▶ **Problem to work on**: Print every record exactly as it appears. Leave the pictures out.

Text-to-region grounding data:
-- Opening Marker --

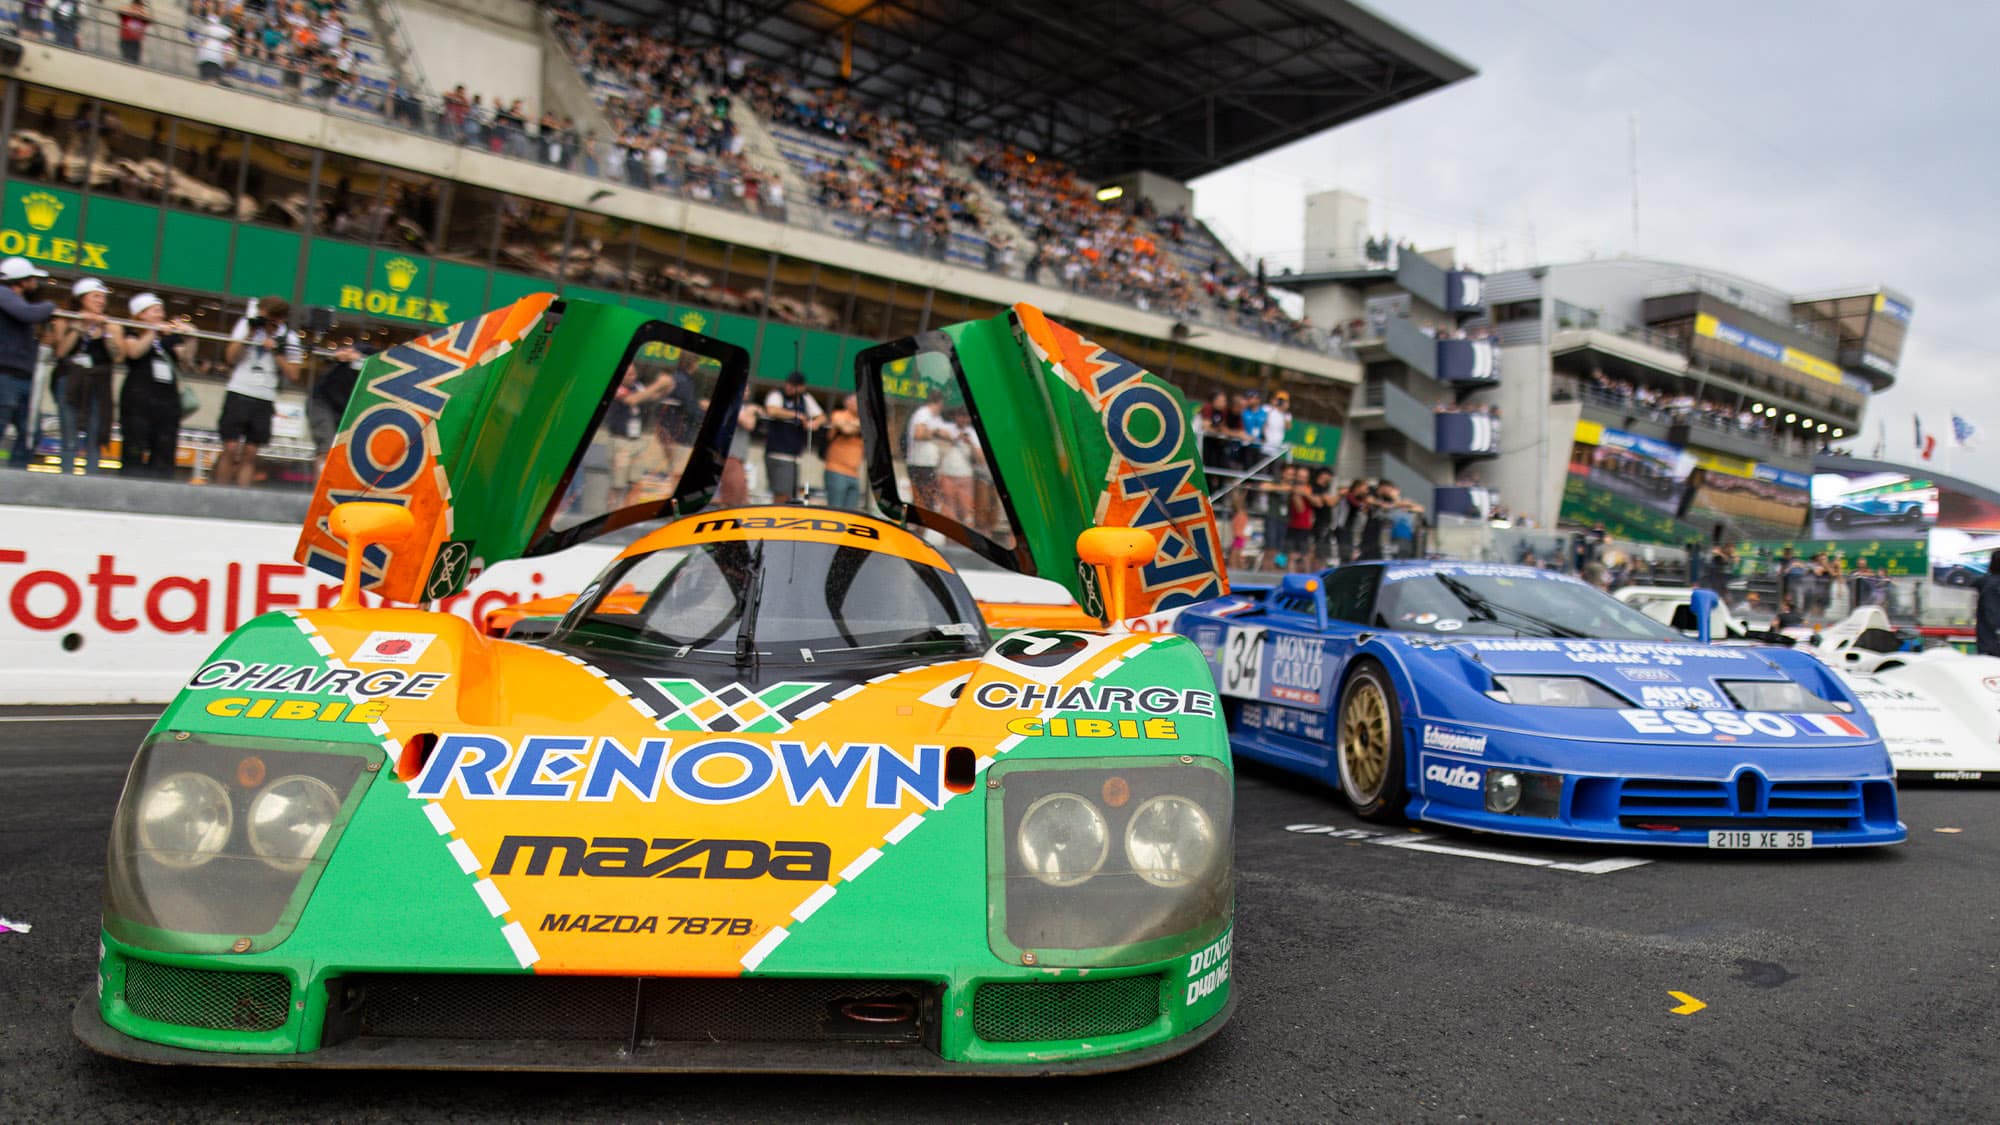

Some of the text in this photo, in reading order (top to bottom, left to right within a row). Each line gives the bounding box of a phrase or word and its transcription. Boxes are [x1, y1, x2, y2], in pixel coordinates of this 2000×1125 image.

[339, 285, 450, 325] ROLEX
[694, 516, 880, 541] mazda
[1228, 629, 1269, 692] 34
[1274, 635, 1326, 664] MONTE
[188, 660, 451, 701] CHARGE
[1272, 660, 1322, 690] CARLO
[975, 682, 1217, 718] CHARGE
[1640, 685, 1716, 702] AUTO
[205, 697, 390, 724] CIBIÉ
[1617, 709, 1797, 738] ESSO
[1007, 717, 1180, 741] CIBIÉ
[408, 734, 947, 811] RENOWN
[1426, 764, 1480, 788] auto
[1716, 832, 1805, 848] 2119 XE 35
[489, 835, 831, 881] mazda
[540, 914, 754, 937] MAZDA 787B
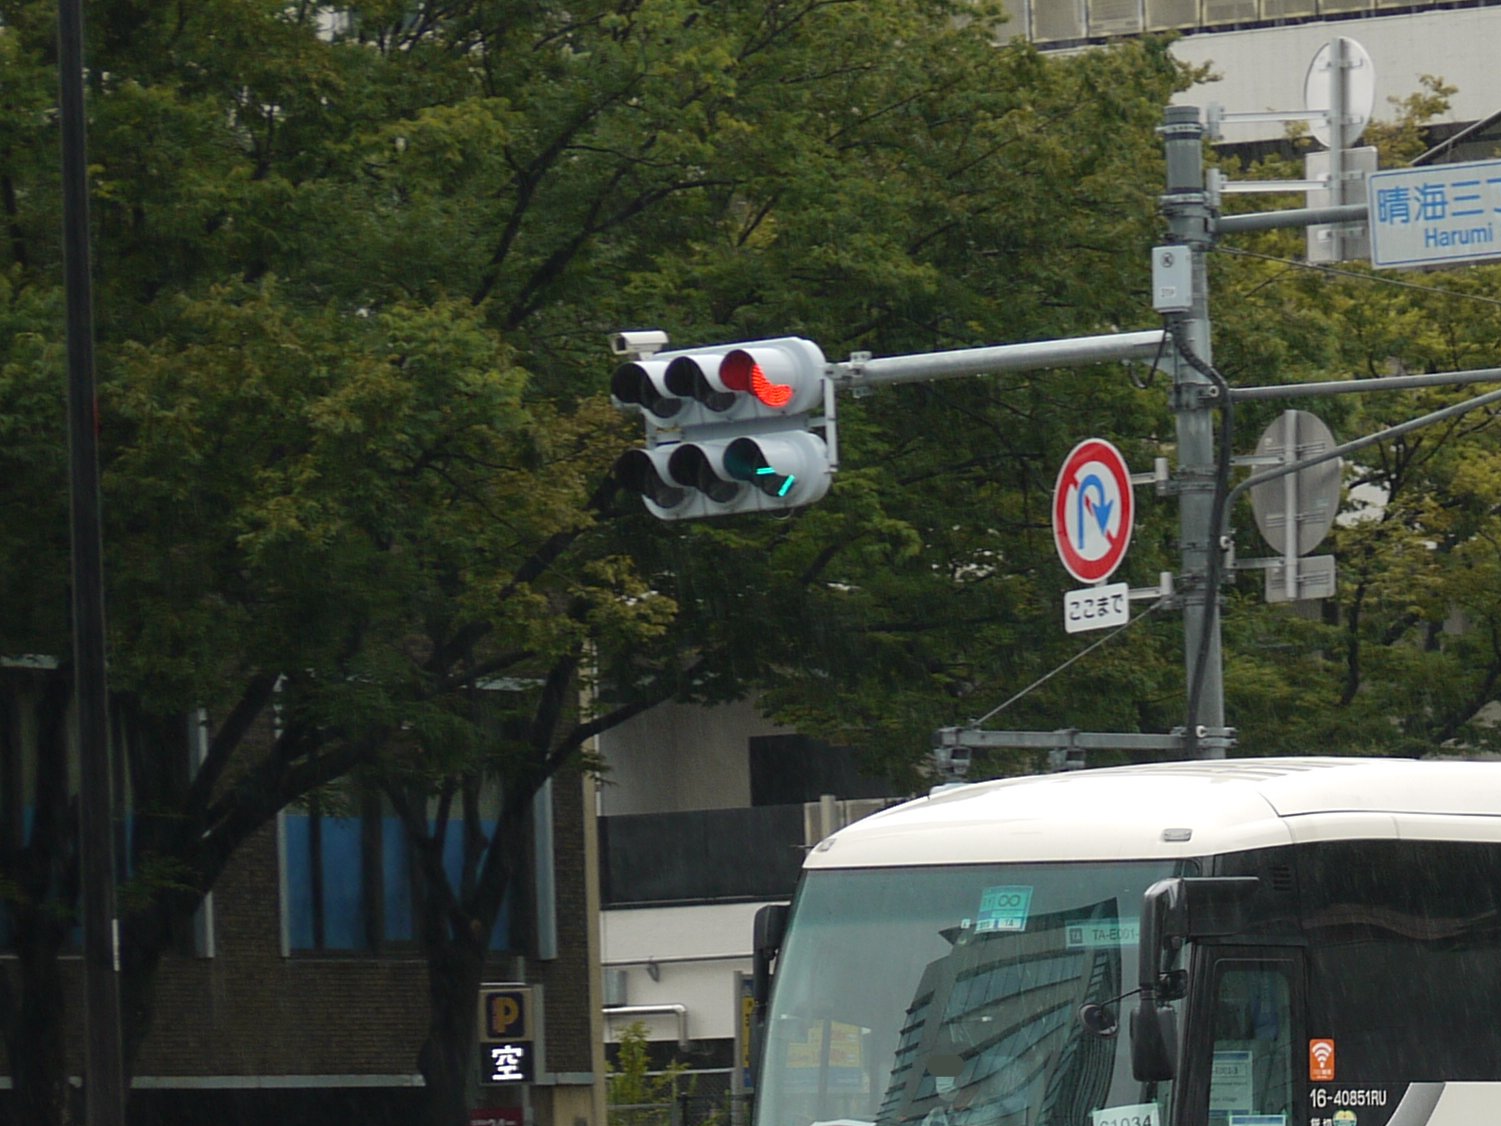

-- Closing Marker --

▶ **Finished task**:
Some of the text in this photo, in reading order (top to bottom, left to right within a row). Each line gives the bounding box of a phrase or word and its transcription. Boxes are [x1, y1, x2, y2], in pixel coordinates of this 2000×1125 image.

[339, 285, 450, 325] ROLEX
[694, 516, 880, 541] mazda
[1228, 629, 1269, 692] 34
[1274, 635, 1326, 664] MONTE
[188, 660, 451, 701] CHARGE
[1272, 660, 1322, 690] CARLO
[975, 682, 1217, 718] CHARGE
[1640, 685, 1716, 702] AUTO
[205, 697, 390, 724] CIBIÉ
[1617, 709, 1797, 738] ESSO
[1007, 717, 1180, 741] CIBIÉ
[408, 734, 947, 811] RENOWN
[1426, 764, 1480, 788] auto
[1716, 832, 1805, 848] 2119 XE 35
[489, 835, 831, 881] mazda
[540, 914, 754, 937] MAZDA 787B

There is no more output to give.